** GIVEN DATA **
-=-=-=-=-

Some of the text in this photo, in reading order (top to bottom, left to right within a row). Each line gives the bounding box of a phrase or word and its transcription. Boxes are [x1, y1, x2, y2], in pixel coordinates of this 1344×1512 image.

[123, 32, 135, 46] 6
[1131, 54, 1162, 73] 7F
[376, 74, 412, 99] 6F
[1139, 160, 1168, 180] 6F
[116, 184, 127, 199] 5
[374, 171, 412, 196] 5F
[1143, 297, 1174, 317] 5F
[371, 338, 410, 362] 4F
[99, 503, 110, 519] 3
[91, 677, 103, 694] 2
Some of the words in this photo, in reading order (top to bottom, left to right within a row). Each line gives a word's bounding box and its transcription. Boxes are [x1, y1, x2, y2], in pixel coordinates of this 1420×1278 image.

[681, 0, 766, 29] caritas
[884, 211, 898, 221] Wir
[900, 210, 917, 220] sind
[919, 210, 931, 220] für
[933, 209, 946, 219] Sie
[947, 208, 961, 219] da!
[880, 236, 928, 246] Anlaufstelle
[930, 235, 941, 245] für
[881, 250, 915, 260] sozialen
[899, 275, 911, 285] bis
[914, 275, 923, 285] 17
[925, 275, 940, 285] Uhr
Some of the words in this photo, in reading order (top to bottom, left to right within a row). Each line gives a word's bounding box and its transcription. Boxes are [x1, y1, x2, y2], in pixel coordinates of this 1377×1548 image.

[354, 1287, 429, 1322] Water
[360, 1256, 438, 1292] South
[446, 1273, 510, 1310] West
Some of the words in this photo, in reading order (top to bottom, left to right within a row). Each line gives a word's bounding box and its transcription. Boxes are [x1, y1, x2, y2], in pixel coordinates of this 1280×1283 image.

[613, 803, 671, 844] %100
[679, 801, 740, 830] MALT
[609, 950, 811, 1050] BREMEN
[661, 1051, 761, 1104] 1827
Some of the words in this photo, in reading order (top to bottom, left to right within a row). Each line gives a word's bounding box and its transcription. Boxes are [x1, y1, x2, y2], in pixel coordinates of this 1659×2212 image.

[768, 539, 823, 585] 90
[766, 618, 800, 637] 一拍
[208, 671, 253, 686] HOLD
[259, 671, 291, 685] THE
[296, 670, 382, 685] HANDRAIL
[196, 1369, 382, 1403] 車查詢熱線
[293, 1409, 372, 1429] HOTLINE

-=-=-=-=-

Return all of the material precisely as written.

Some of the text in this photo, in reading order (top to bottom, left to right within a row). Each line gives the bounding box of a phrase or word and its transcription. Boxes are [x1, y1, x2, y2], in pixel coordinates of this 1344×1512 image.

[123, 32, 135, 46] 6
[1131, 54, 1162, 73] 7F
[376, 74, 412, 99] 6F
[1139, 160, 1168, 180] 6F
[116, 184, 127, 199] 5
[374, 171, 412, 196] 5F
[1143, 297, 1174, 317] 5F
[371, 338, 410, 362] 4F
[99, 503, 110, 519] 3
[91, 677, 103, 694] 2
Some of the words in this photo, in reading order (top to bottom, left to right within a row). Each line gives a word's bounding box and its transcription. Boxes are [x1, y1, x2, y2], in pixel coordinates of this 1420×1278 image.

[681, 0, 766, 29] caritas
[884, 211, 898, 221] Wir
[900, 210, 917, 220] sind
[919, 210, 931, 220] für
[933, 209, 946, 219] Sie
[947, 208, 961, 219] da!
[880, 236, 928, 246] Anlaufstelle
[930, 235, 941, 245] für
[881, 250, 915, 260] sozialen
[899, 275, 911, 285] bis
[914, 275, 923, 285] 17
[925, 275, 940, 285] Uhr
Some of the words in this photo, in reading order (top to bottom, left to right within a row). Each line gives a word's bounding box and its transcription. Boxes are [x1, y1, x2, y2], in pixel coordinates of this 1377×1548 image.

[354, 1287, 429, 1322] Water
[360, 1256, 438, 1292] South
[446, 1273, 510, 1310] West
Some of the words in this photo, in reading order (top to bottom, left to right within a row). Each line gives a word's bounding box and its transcription. Boxes are [x1, y1, x2, y2], in pixel coordinates of this 1280×1283 image.

[613, 803, 671, 844] %100
[679, 801, 740, 830] MALT
[609, 950, 811, 1050] BREMEN
[661, 1051, 761, 1104] 1827
Some of the words in this photo, in reading order (top to bottom, left to right within a row). Each line gives a word's bounding box and its transcription. Boxes are [x1, y1, x2, y2], in pixel coordinates of this 1659×2212 image.

[768, 539, 823, 585] 90
[766, 618, 800, 637] 一拍
[208, 671, 253, 686] HOLD
[259, 671, 291, 685] THE
[296, 670, 382, 685] HANDRAIL
[196, 1369, 382, 1403] 車查詢熱線
[293, 1409, 372, 1429] HOTLINE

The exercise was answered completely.